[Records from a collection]
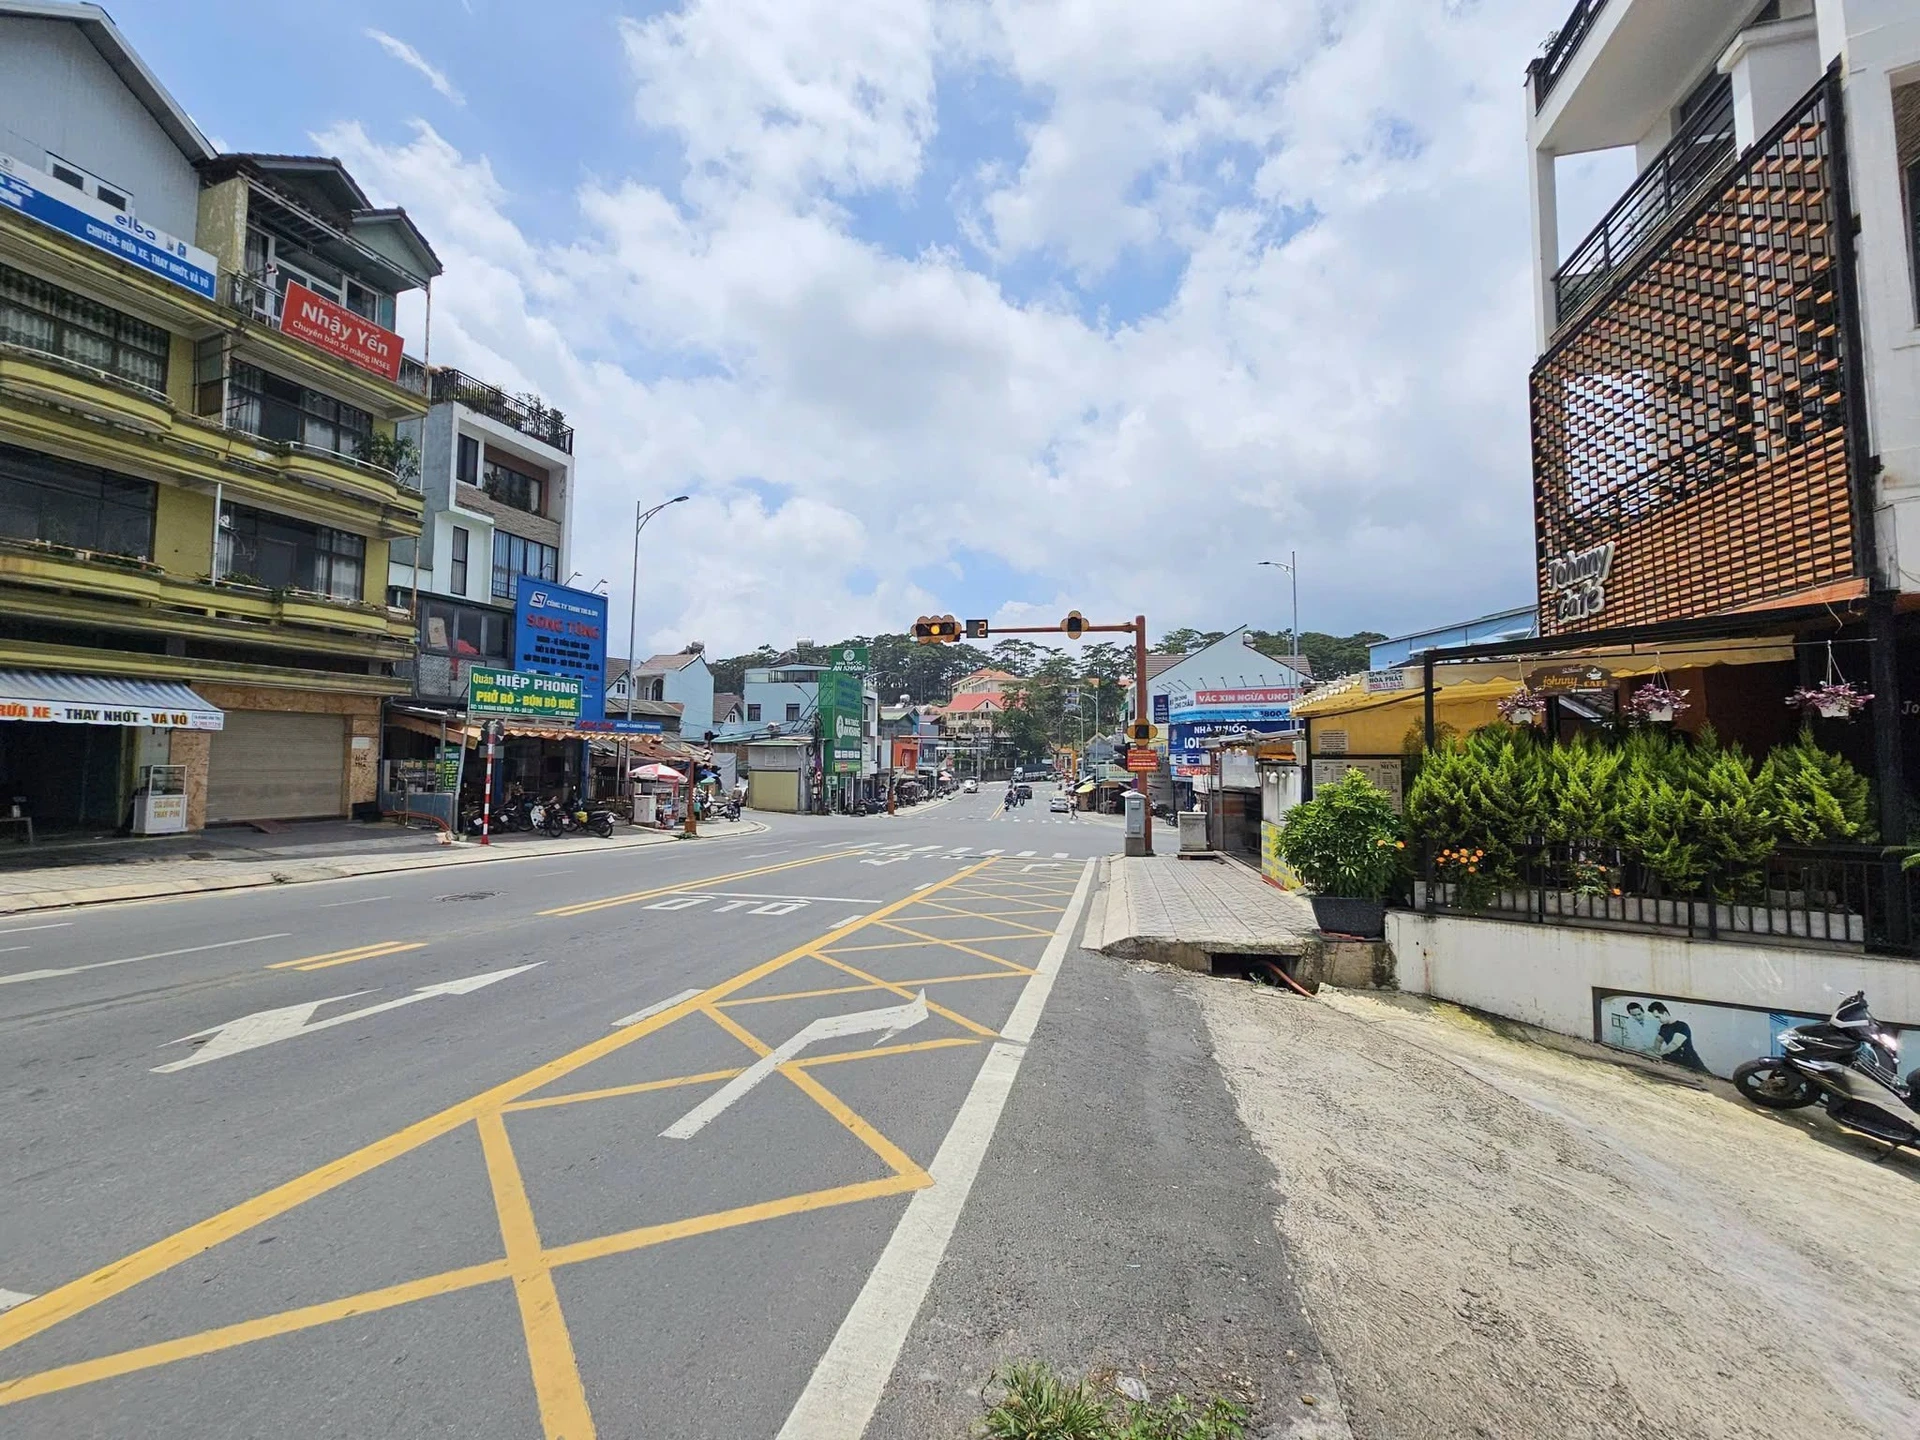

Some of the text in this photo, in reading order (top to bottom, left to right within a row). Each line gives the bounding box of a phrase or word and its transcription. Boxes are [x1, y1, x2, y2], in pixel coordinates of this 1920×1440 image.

[115, 214, 156, 240] elba
[301, 301, 352, 341] Nhậy
[356, 327, 389, 357] Yến
[292, 320, 323, 339] Chuyên
[324, 334, 339, 347] bán
[349, 347, 371, 363] măng
[1548, 541, 1616, 593] Johnny
[1556, 580, 1605, 624] Café
[977, 621, 987, 637] 2
[473, 673, 494, 685] Quán
[495, 674, 530, 690] HIỆP
[533, 679, 579, 694] PHONG
[476, 690, 499, 702] PHỞ
[500, 692, 514, 705] BÒ
[544, 696, 557, 708] BÒ
[558, 698, 576, 709] HUẾ
[1267, 693, 1288, 701] UNG
[32, 706, 51, 718] XE
[65, 708, 100, 720] THAY
[104, 710, 139, 722] NHỚT
[152, 712, 168, 724] VÁ

■ **EXERCISE**: Print the entries above exactly, taking out only the pictures.

■ **EXERCISE RESULT**:
Some of the text in this photo, in reading order (top to bottom, left to right within a row). Each line gives the bounding box of a phrase or word and its transcription. Boxes are [x1, y1, x2, y2], in pixel coordinates of this 1920×1440 image.

[115, 214, 156, 240] elba
[301, 301, 352, 341] Nhậy
[356, 327, 389, 357] Yến
[292, 320, 323, 339] Chuyên
[324, 334, 339, 347] bán
[349, 347, 371, 363] măng
[1548, 541, 1616, 593] Johnny
[1556, 580, 1605, 624] Café
[977, 621, 987, 637] 2
[473, 673, 494, 685] Quán
[495, 674, 530, 690] HIỆP
[533, 679, 579, 694] PHONG
[476, 690, 499, 702] PHỞ
[500, 692, 514, 705] BÒ
[544, 696, 557, 708] BÒ
[558, 698, 576, 709] HUẾ
[1267, 693, 1288, 701] UNG
[32, 706, 51, 718] XE
[65, 708, 100, 720] THAY
[104, 710, 139, 722] NHỚT
[152, 712, 168, 724] VÁ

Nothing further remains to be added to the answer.